Exercise brief
Your reply should be a faithful copy of the records below, free of pictures.
──────── Data supplied
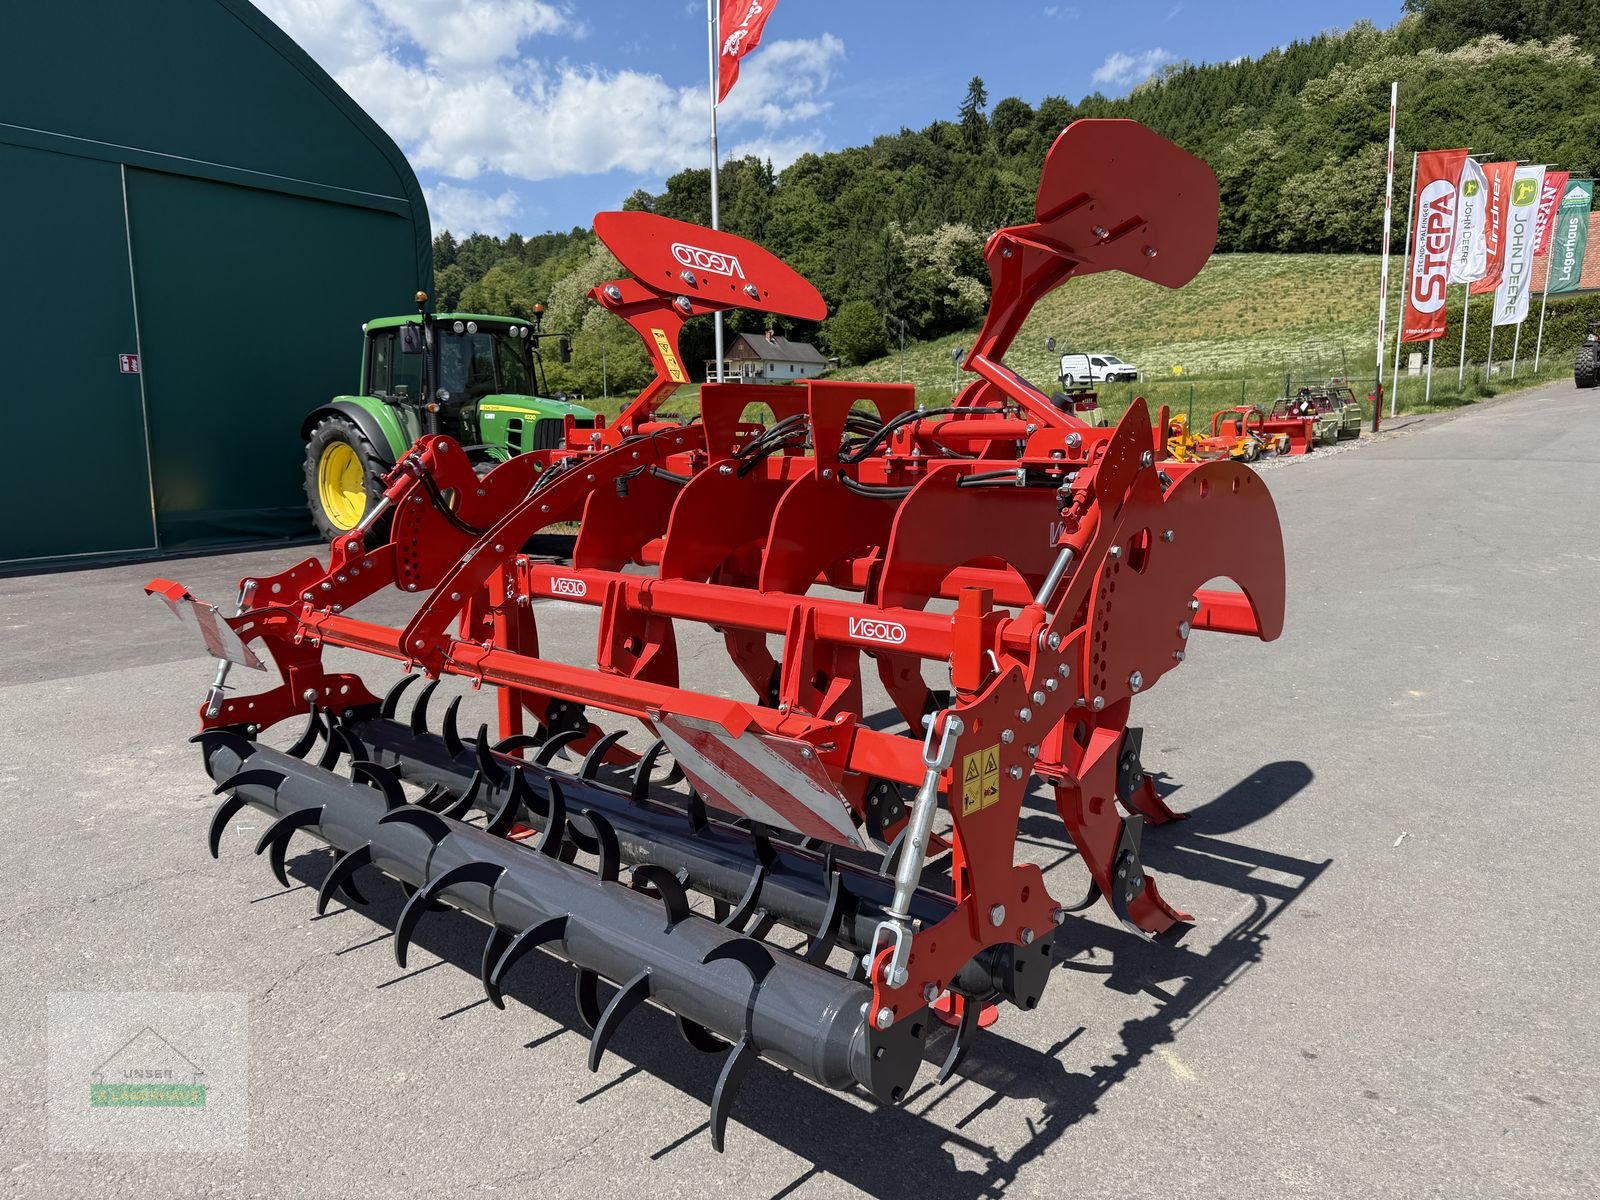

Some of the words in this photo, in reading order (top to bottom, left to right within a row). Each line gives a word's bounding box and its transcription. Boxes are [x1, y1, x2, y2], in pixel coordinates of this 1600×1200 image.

[1463, 202, 1474, 230] JOHN
[1487, 169, 1501, 256] Lindner
[1414, 191, 1455, 302] STEPA
[1417, 202, 1429, 273] STEINDL-PALFINGER
[1460, 231, 1472, 265] DEERE
[1511, 213, 1527, 259] JOHN
[1559, 217, 1579, 281] Lagerhaus
[671, 243, 745, 279] VIGOLO
[1505, 262, 1524, 315] DEERE
[551, 576, 587, 597] VIGOLO
[849, 616, 906, 644] VIGOLO
────────────────
Exercise output
Some of the words in this photo, in reading order (top to bottom, left to right within a row). Each line gives a word's bounding box and its transcription. Boxes are [x1, y1, x2, y2], in pixel coordinates of this 1600×1200 image.

[1463, 202, 1474, 230] JOHN
[1487, 169, 1501, 256] Lindner
[1414, 191, 1455, 302] STEPA
[1417, 202, 1429, 273] STEINDL-PALFINGER
[1460, 231, 1472, 265] DEERE
[1511, 213, 1527, 259] JOHN
[1559, 217, 1579, 281] Lagerhaus
[671, 243, 745, 279] VIGOLO
[1505, 262, 1524, 315] DEERE
[551, 576, 587, 597] VIGOLO
[849, 616, 906, 644] VIGOLO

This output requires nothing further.